### [EXERCISE DIRECTIONS]
Exact copies of the records below are needed, free of pictures.

### [Records from a collection]
-- Opening Marker --

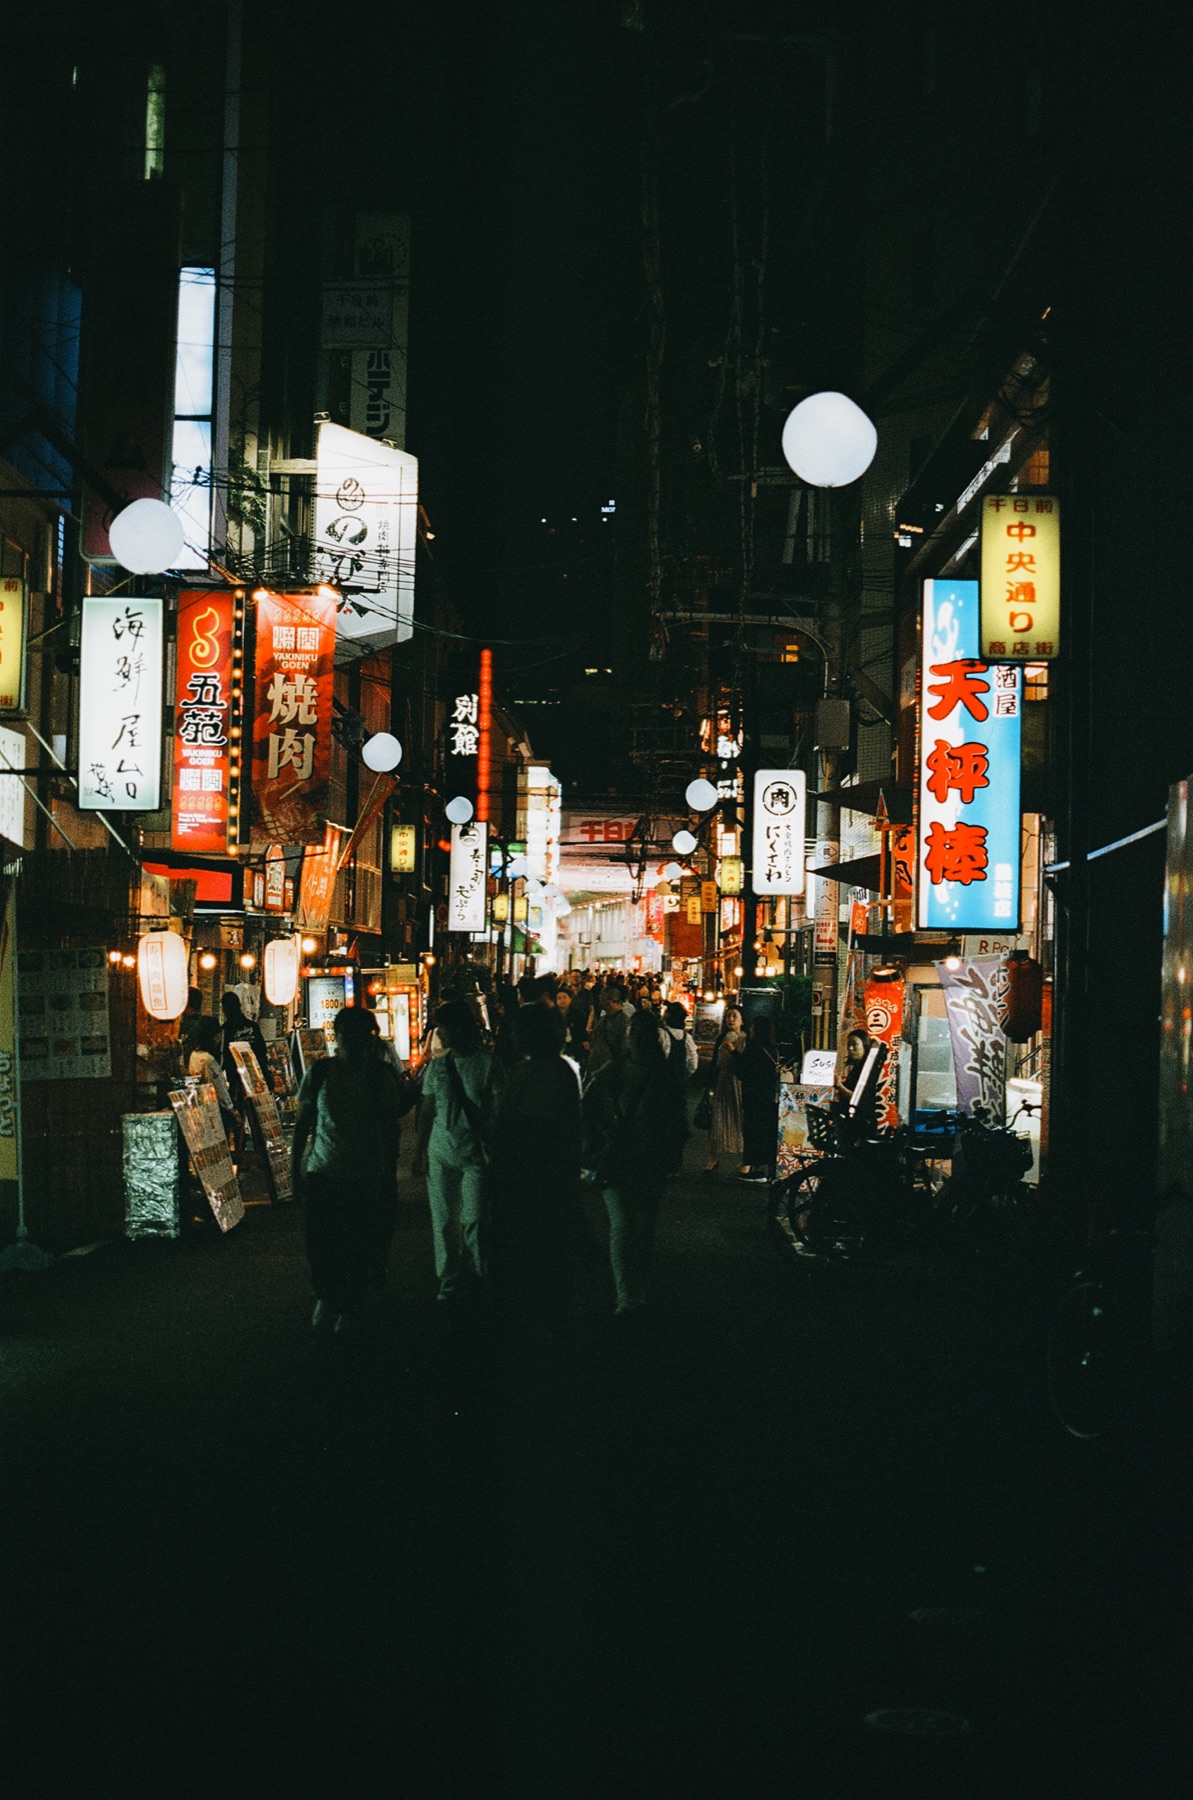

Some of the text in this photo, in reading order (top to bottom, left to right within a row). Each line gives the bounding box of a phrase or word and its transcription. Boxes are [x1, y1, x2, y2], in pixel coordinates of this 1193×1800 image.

[989, 499, 1054, 514] 千日前
[1005, 521, 1037, 634] 中央通り
[273, 653, 318, 661] YAKINIKU
[281, 661, 309, 669] GOEN
[988, 641, 1054, 656] 商店街
[180, 672, 228, 746] 五苑
[996, 666, 1017, 715] 酒屋
[266, 672, 318, 780] 焼肉
[450, 694, 480, 756] 別館
[182, 749, 222, 758] YAKINIKU
[189, 757, 215, 766] GOEN
[925, 658, 990, 887] 天秤棒
[765, 825, 782, 883] にくさわ
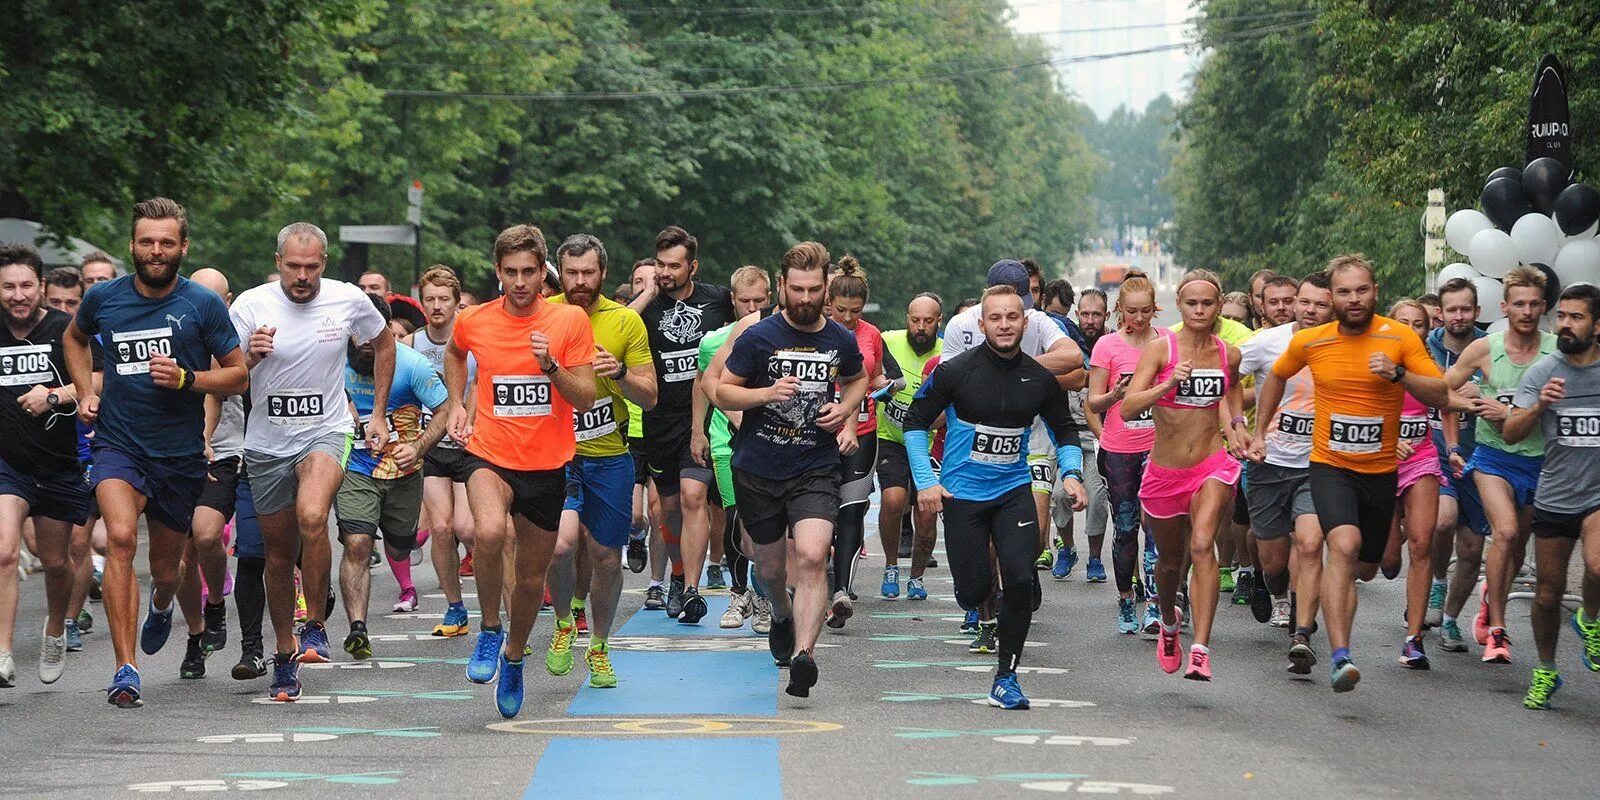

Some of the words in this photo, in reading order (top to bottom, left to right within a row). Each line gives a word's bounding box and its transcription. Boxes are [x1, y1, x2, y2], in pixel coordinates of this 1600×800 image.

[135, 338, 171, 361] 060
[17, 354, 49, 373] 009
[678, 355, 699, 371] 02
[796, 361, 828, 381] 043
[513, 384, 549, 404] 059
[1194, 378, 1222, 396] 021
[287, 396, 320, 416] 049
[583, 406, 612, 429] 012
[1347, 425, 1381, 442] 042
[1400, 422, 1427, 437] 016
[991, 437, 1021, 454] 053

-- Closing Marker --

### [OUTPUT FOR THIS EXERCISE]
Some of the text in this photo, in reading order (top to bottom, left to right within a row). Each line gives the bounding box of a phrase or word and its transcription. Boxes are [x1, y1, x2, y2], in pixel coordinates of this 1193×1800 image.

[989, 499, 1054, 514] 千日前
[1005, 521, 1037, 634] 中央通り
[273, 653, 318, 661] YAKINIKU
[281, 661, 309, 669] GOEN
[988, 641, 1054, 656] 商店街
[180, 672, 228, 746] 五苑
[996, 666, 1017, 715] 酒屋
[266, 672, 318, 780] 焼肉
[450, 694, 480, 756] 別館
[182, 749, 222, 758] YAKINIKU
[189, 757, 215, 766] GOEN
[925, 658, 990, 887] 天秤棒
[765, 825, 782, 883] にくさわ

Some of the words in this photo, in reading order (top to bottom, left to right within a row). Each line gives a word's bounding box and its transcription. Boxes are [x1, y1, x2, y2], in pixel coordinates of this 1600×800 image.

[135, 338, 171, 361] 060
[17, 354, 49, 373] 009
[678, 355, 699, 371] 02
[796, 361, 828, 381] 043
[513, 384, 549, 404] 059
[1194, 378, 1222, 396] 021
[287, 396, 320, 416] 049
[583, 406, 612, 429] 012
[1347, 425, 1381, 442] 042
[1400, 422, 1427, 437] 016
[991, 437, 1021, 454] 053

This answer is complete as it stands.